> [Exercise directions] Make an exact reproduction of all the data.

> [Extracted data entries]
%%
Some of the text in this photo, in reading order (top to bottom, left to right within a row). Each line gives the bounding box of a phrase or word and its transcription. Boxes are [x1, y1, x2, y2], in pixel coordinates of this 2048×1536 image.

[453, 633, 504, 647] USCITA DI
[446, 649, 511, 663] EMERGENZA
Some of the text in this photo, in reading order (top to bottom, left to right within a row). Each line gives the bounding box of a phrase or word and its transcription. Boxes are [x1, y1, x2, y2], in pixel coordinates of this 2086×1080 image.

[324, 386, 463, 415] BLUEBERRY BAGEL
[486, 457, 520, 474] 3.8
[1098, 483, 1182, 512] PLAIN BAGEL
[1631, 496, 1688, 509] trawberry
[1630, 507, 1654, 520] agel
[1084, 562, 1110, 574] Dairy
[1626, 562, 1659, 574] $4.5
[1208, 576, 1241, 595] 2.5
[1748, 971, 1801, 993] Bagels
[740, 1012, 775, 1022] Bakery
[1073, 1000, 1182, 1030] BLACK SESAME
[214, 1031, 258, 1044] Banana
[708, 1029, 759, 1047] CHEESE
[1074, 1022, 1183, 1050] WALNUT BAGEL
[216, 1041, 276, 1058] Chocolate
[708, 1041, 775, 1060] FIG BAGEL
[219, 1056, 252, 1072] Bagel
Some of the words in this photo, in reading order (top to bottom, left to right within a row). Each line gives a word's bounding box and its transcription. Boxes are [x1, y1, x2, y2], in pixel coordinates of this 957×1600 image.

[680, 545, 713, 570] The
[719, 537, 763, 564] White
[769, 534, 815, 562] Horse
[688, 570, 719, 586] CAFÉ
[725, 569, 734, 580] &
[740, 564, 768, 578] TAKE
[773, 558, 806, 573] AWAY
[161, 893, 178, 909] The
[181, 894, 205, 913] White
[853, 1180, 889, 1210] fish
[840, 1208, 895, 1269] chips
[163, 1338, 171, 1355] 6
%%
> [Solution]
Some of the text in this photo, in reading order (top to bottom, left to right within a row). Each line gives the bounding box of a phrase or word and its transcription. Boxes are [x1, y1, x2, y2], in pixel coordinates of this 2048×1536 image.

[453, 633, 504, 647] USCITA DI
[446, 649, 511, 663] EMERGENZA
Some of the text in this photo, in reading order (top to bottom, left to right within a row). Each line gives the bounding box of a phrase or word and its transcription. Boxes are [x1, y1, x2, y2], in pixel coordinates of this 2086×1080 image.

[324, 386, 463, 415] BLUEBERRY BAGEL
[486, 457, 520, 474] 3.8
[1098, 483, 1182, 512] PLAIN BAGEL
[1631, 496, 1688, 509] trawberry
[1630, 507, 1654, 520] agel
[1084, 562, 1110, 574] Dairy
[1626, 562, 1659, 574] $4.5
[1208, 576, 1241, 595] 2.5
[1748, 971, 1801, 993] Bagels
[740, 1012, 775, 1022] Bakery
[1073, 1000, 1182, 1030] BLACK SESAME
[214, 1031, 258, 1044] Banana
[708, 1029, 759, 1047] CHEESE
[1074, 1022, 1183, 1050] WALNUT BAGEL
[216, 1041, 276, 1058] Chocolate
[708, 1041, 775, 1060] FIG BAGEL
[219, 1056, 252, 1072] Bagel
Some of the words in this photo, in reading order (top to bottom, left to right within a row). Each line gives a word's bounding box and its transcription. Boxes are [x1, y1, x2, y2], in pixel coordinates of this 957×1600 image.

[680, 545, 713, 570] The
[719, 537, 763, 564] White
[769, 534, 815, 562] Horse
[688, 570, 719, 586] CAFÉ
[725, 569, 734, 580] &
[740, 564, 768, 578] TAKE
[773, 558, 806, 573] AWAY
[161, 893, 178, 909] The
[181, 894, 205, 913] White
[853, 1180, 889, 1210] fish
[840, 1208, 895, 1269] chips
[163, 1338, 171, 1355] 6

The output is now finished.